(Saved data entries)
####
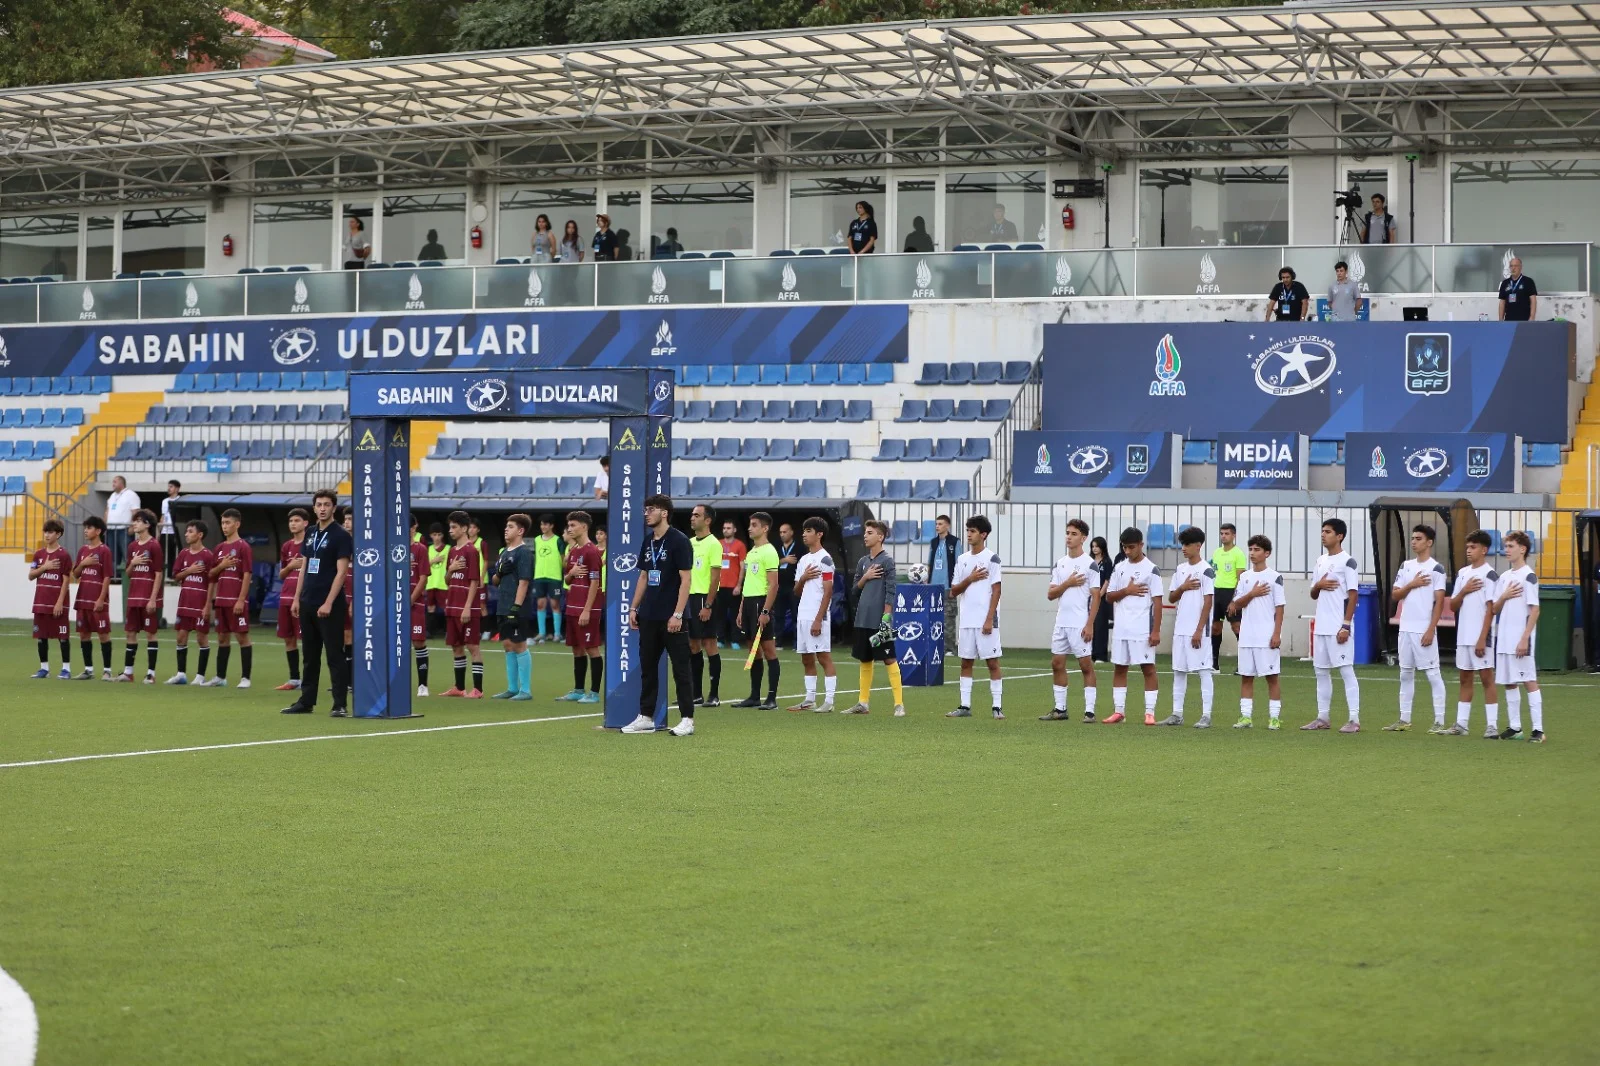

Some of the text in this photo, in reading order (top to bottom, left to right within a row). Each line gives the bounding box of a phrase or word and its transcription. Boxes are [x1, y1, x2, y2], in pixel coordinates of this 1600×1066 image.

[912, 288, 936, 298] AFFA
[1052, 285, 1076, 296] AFFA
[1196, 284, 1221, 294] AFFA
[648, 294, 670, 304] AFFA
[777, 291, 800, 301] AFFA
[405, 301, 425, 309] AFFA
[524, 297, 545, 306] AFFA
[182, 307, 201, 317] AFFA
[290, 304, 311, 313] AFFA
[79, 311, 97, 320] AFFA
[98, 332, 245, 365] SABAHIN
[337, 324, 540, 360] ULDUZLARI
[651, 347, 677, 356] BFF
[1251, 335, 1336, 370] SABAHIN ULDUZLARI
[1149, 380, 1187, 396] AFFA
[1411, 379, 1444, 388] BFF
[377, 386, 453, 405] SABAHIN
[520, 384, 618, 403] ULDUZLARI
[1034, 466, 1053, 474] AFFA
[1224, 469, 1248, 478] BAYIL
[364, 463, 373, 540] SABAHIN
[621, 464, 631, 545] SABAHIN
[364, 573, 373, 671] ULDUZLARI
[59, 625, 67, 634] 10
[413, 625, 422, 634] 99
[620, 579, 630, 682] ULDUZLARI
[585, 632, 591, 642] 7
####
Without the pictures, restate each entry exactly.

Some of the text in this photo, in reading order (top to bottom, left to right within a row). Each line gives the bounding box of a phrase or word and its transcription. Boxes are [x1, y1, x2, y2], in pixel coordinates of this 1600×1066 image.

[912, 288, 936, 298] AFFA
[1052, 285, 1076, 296] AFFA
[1196, 284, 1221, 294] AFFA
[648, 294, 670, 304] AFFA
[777, 291, 800, 301] AFFA
[405, 301, 425, 309] AFFA
[524, 297, 545, 306] AFFA
[182, 307, 201, 317] AFFA
[290, 304, 311, 313] AFFA
[79, 311, 97, 320] AFFA
[98, 332, 245, 365] SABAHIN
[337, 324, 540, 360] ULDUZLARI
[651, 347, 677, 356] BFF
[1251, 335, 1336, 370] SABAHIN ULDUZLARI
[1149, 380, 1187, 396] AFFA
[1411, 379, 1444, 388] BFF
[377, 386, 453, 405] SABAHIN
[520, 384, 618, 403] ULDUZLARI
[1034, 466, 1053, 474] AFFA
[1224, 469, 1248, 478] BAYIL
[364, 463, 373, 540] SABAHIN
[621, 464, 631, 545] SABAHIN
[364, 573, 373, 671] ULDUZLARI
[59, 625, 67, 634] 10
[413, 625, 422, 634] 99
[620, 579, 630, 682] ULDUZLARI
[585, 632, 591, 642] 7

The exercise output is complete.